**The problem**
Your answer must consist of the records below, reproduced exactly, with every picture removed.

BEGIN Information given

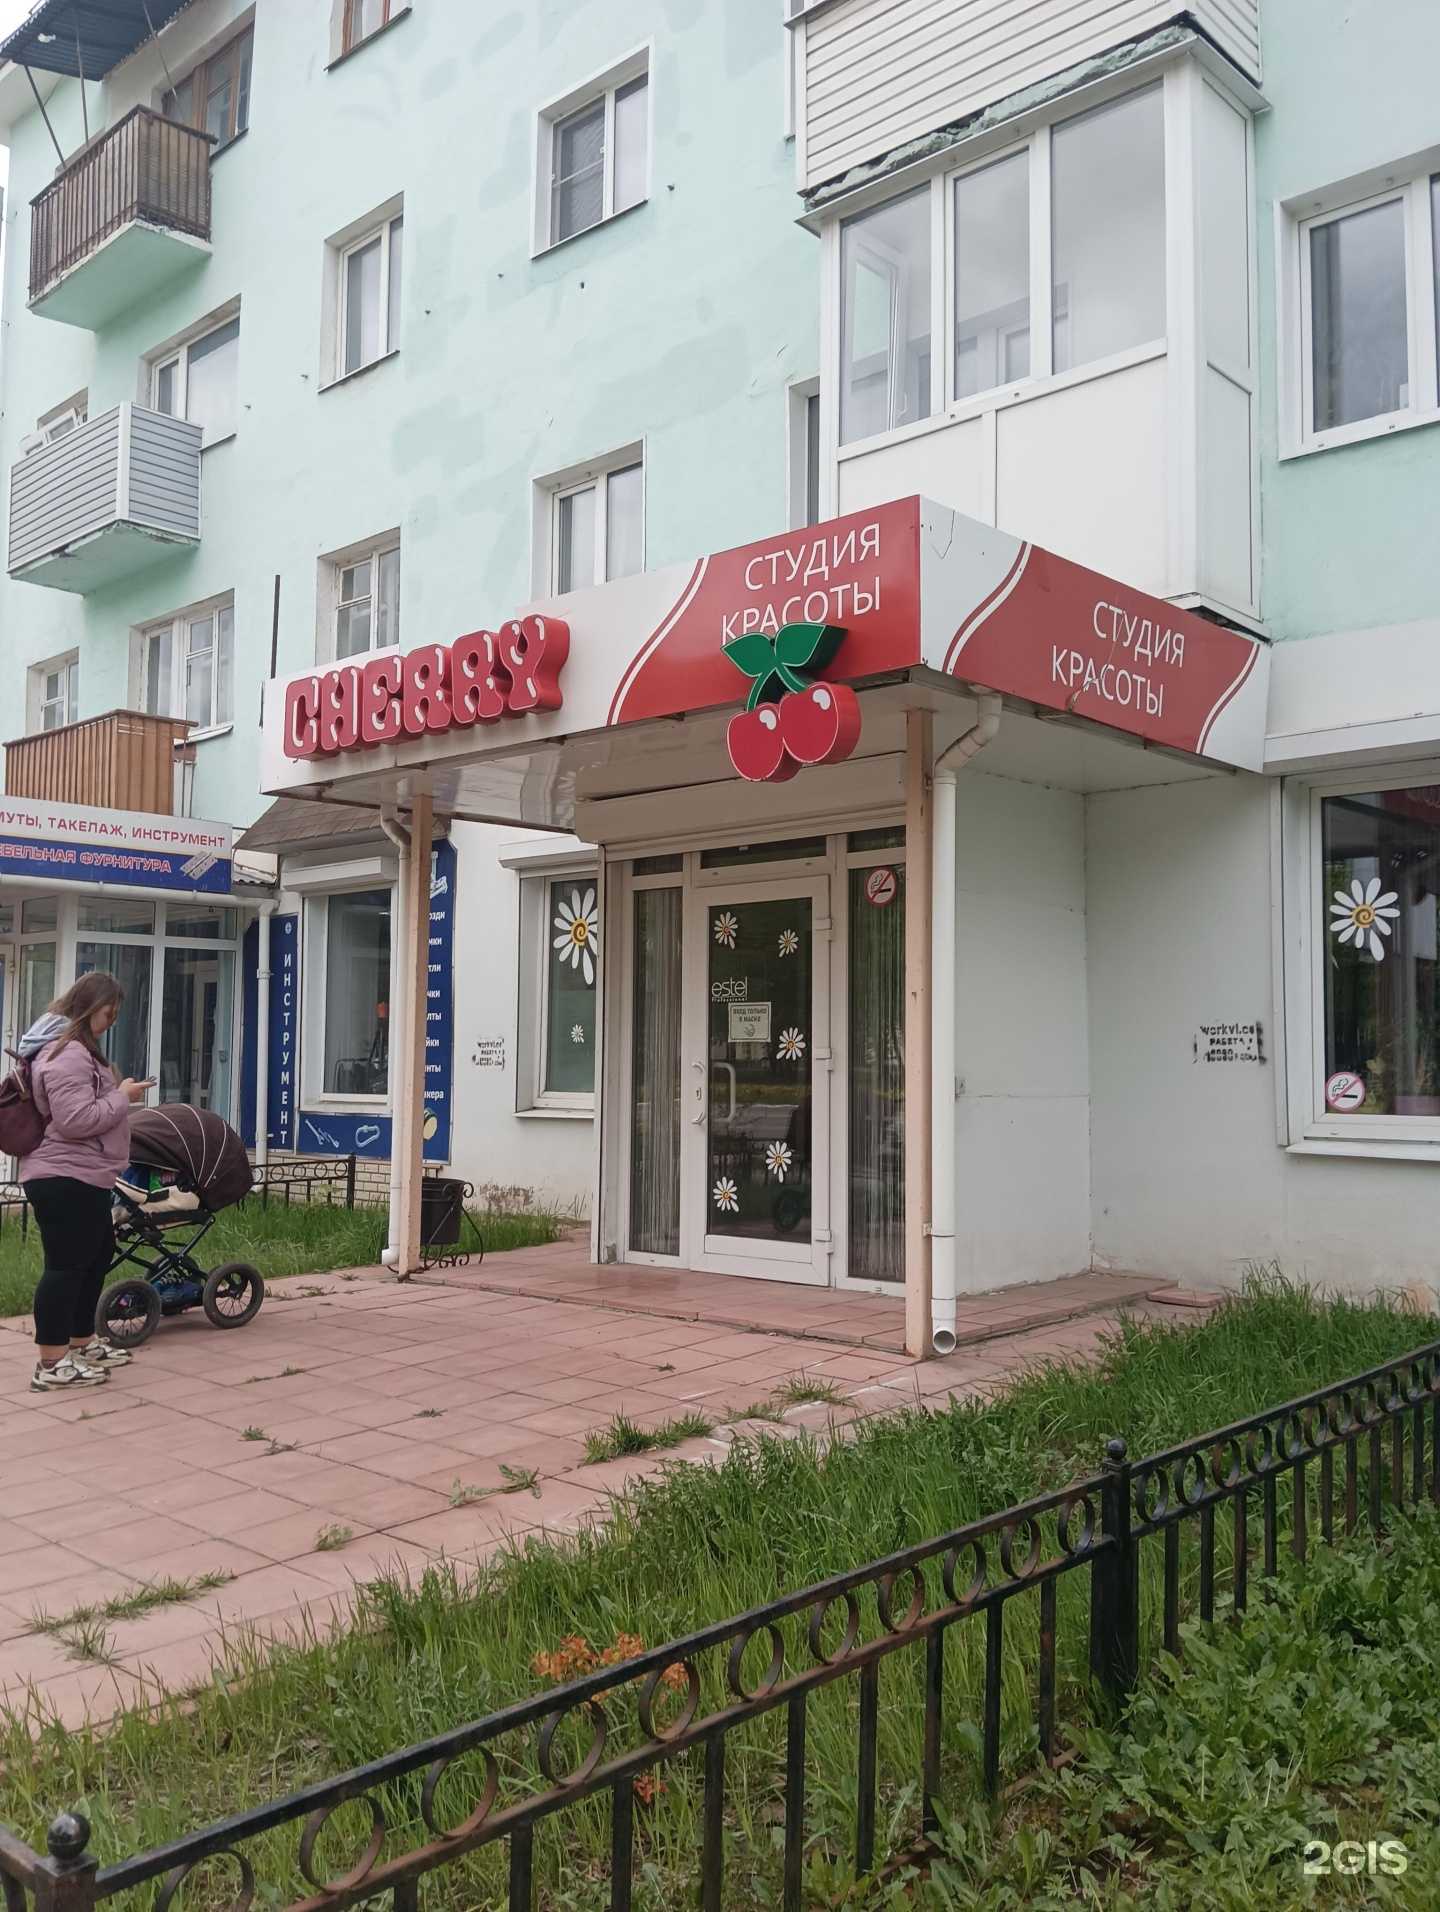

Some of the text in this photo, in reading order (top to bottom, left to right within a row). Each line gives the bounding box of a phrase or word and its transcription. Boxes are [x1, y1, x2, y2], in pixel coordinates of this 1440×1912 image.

[744, 523, 880, 591] СТУДИЯ
[721, 576, 880, 647] КРАСОТЫ
[1093, 601, 1185, 668] СТУДИЯ
[283, 613, 570, 762] CHERRY
[1051, 645, 1164, 717] КРАСОТЫ
[48, 817, 127, 839] ТАКЕЛАЖ,
[132, 827, 225, 847] ИНСТРУМЕНТ
[80, 852, 172, 873] ФУРНИТУРА
[712, 976, 747, 1000] estel
[280, 952, 292, 1146] ИНСТРУМЕНТ
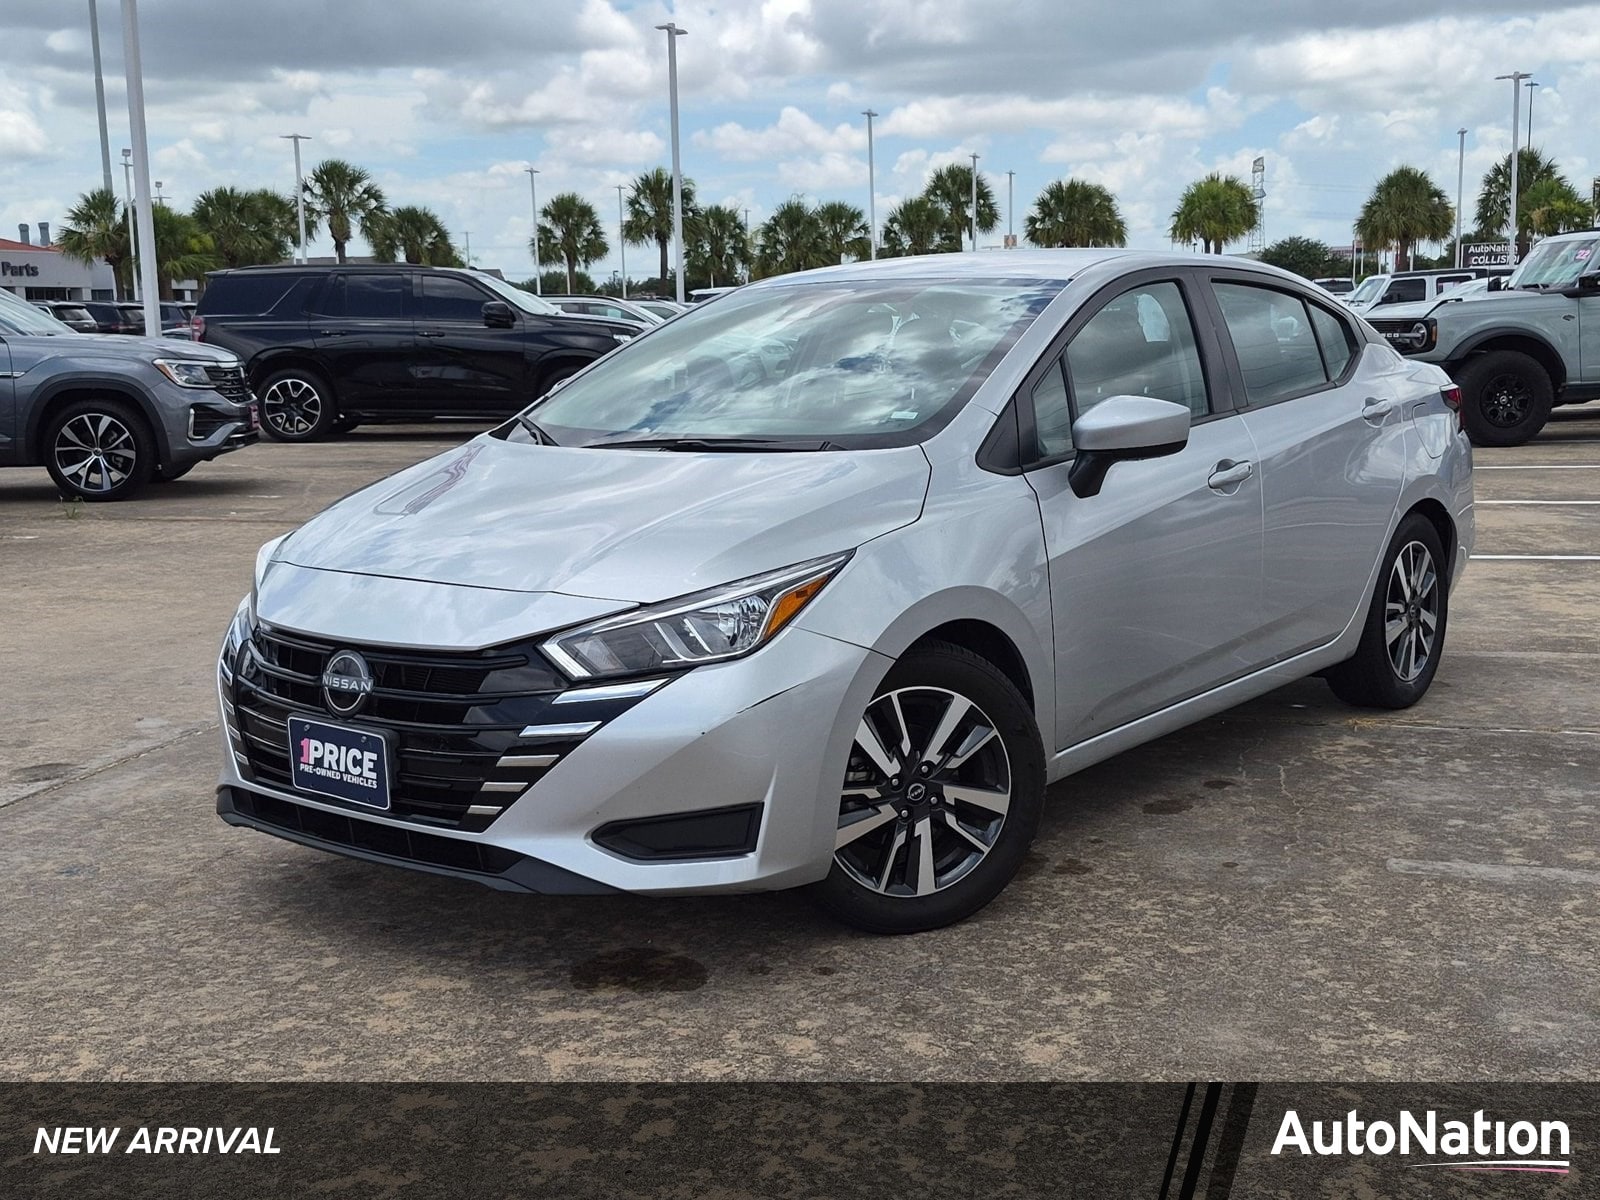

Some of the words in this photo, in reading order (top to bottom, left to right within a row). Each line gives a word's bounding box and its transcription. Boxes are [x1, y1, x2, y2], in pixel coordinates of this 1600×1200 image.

[1468, 243, 1519, 254] AutoNatin
[1472, 254, 1520, 265] COLLIS
[1, 261, 39, 277] Parts
[322, 674, 372, 692] NISSAN
[300, 763, 341, 780] PRE-OWNED
[342, 773, 378, 789] VEHICLES
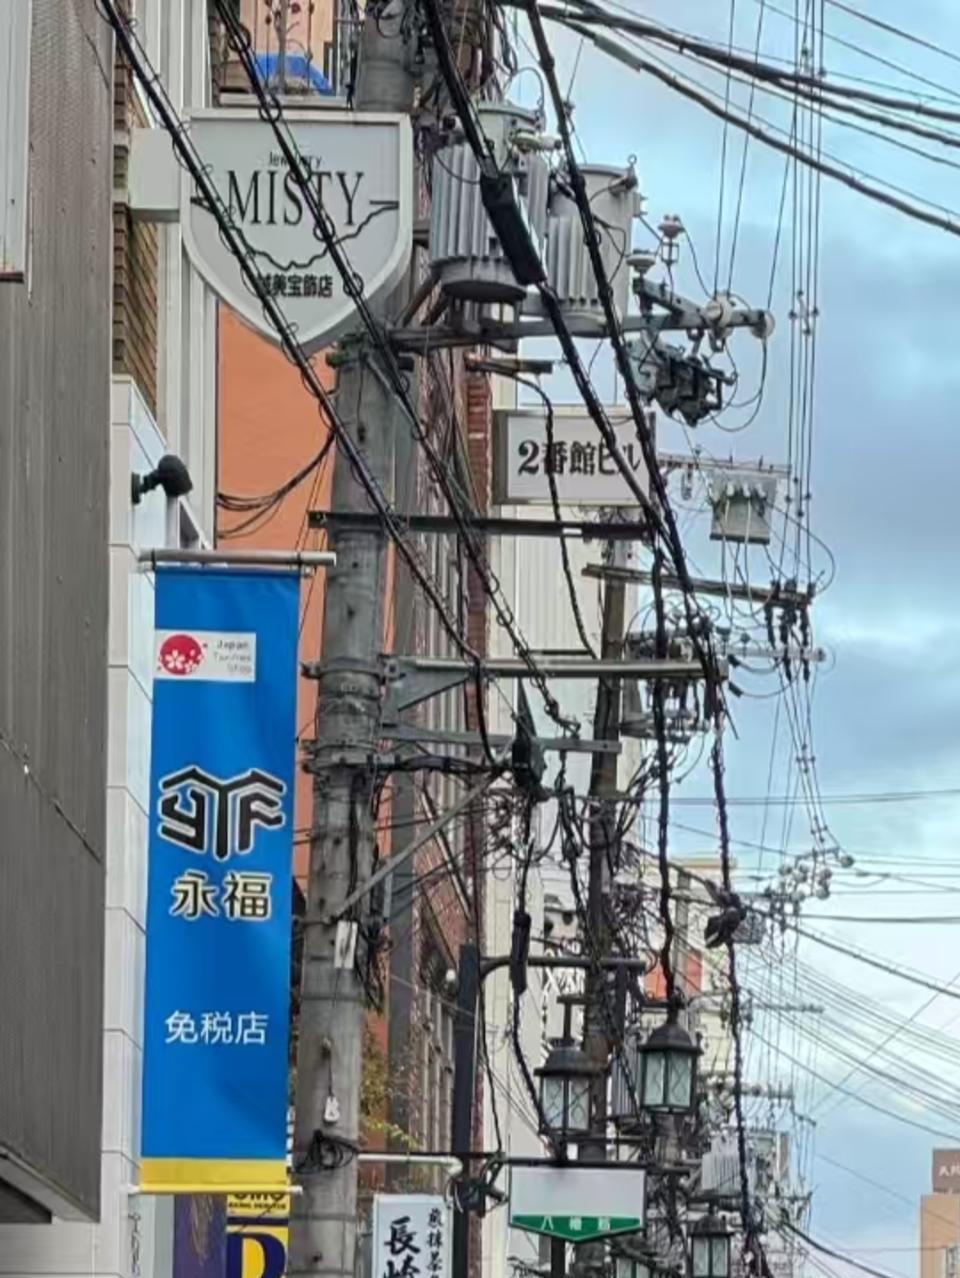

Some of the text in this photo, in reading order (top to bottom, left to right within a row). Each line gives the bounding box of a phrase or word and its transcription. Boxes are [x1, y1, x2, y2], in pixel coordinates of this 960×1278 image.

END Information given

**Answer for this exercise**
Some of the text in this photo, in reading order (top to bottom, left to right within a row). Each line gives the bounding box of a phrase or word and its transcription. Boxes are [x1, y1, x2, y2], in pixel coordinates of this 1440×1912 image.

[744, 523, 880, 591] СТУДИЯ
[721, 576, 880, 647] КРАСОТЫ
[1093, 601, 1185, 668] СТУДИЯ
[283, 613, 570, 762] CHERRY
[1051, 645, 1164, 717] КРАСОТЫ
[48, 817, 127, 839] ТАКЕЛАЖ,
[132, 827, 225, 847] ИНСТРУМЕНТ
[80, 852, 172, 873] ФУРНИТУРА
[712, 976, 747, 1000] estel
[280, 952, 292, 1146] ИНСТРУМЕНТ

Some of the words in this photo, in reading order (top to bottom, left to right within a row). Each line gives a word's bounding box and its transcription. Boxes are [x1, y1, x2, y2], in pixel coordinates of this 1600×1200 image.

[1468, 243, 1519, 254] AutoNatin
[1472, 254, 1520, 265] COLLIS
[1, 261, 39, 277] Parts
[322, 674, 372, 692] NISSAN
[300, 763, 341, 780] PRE-OWNED
[342, 773, 378, 789] VEHICLES

Some of the text in this photo, in reading order (top to bottom, left to right within a row). Each line gives the bounding box of a phrase or word and its transcription. Boxes are [x1, y1, x2, y2], in pixel coordinates of this 960×1278 image.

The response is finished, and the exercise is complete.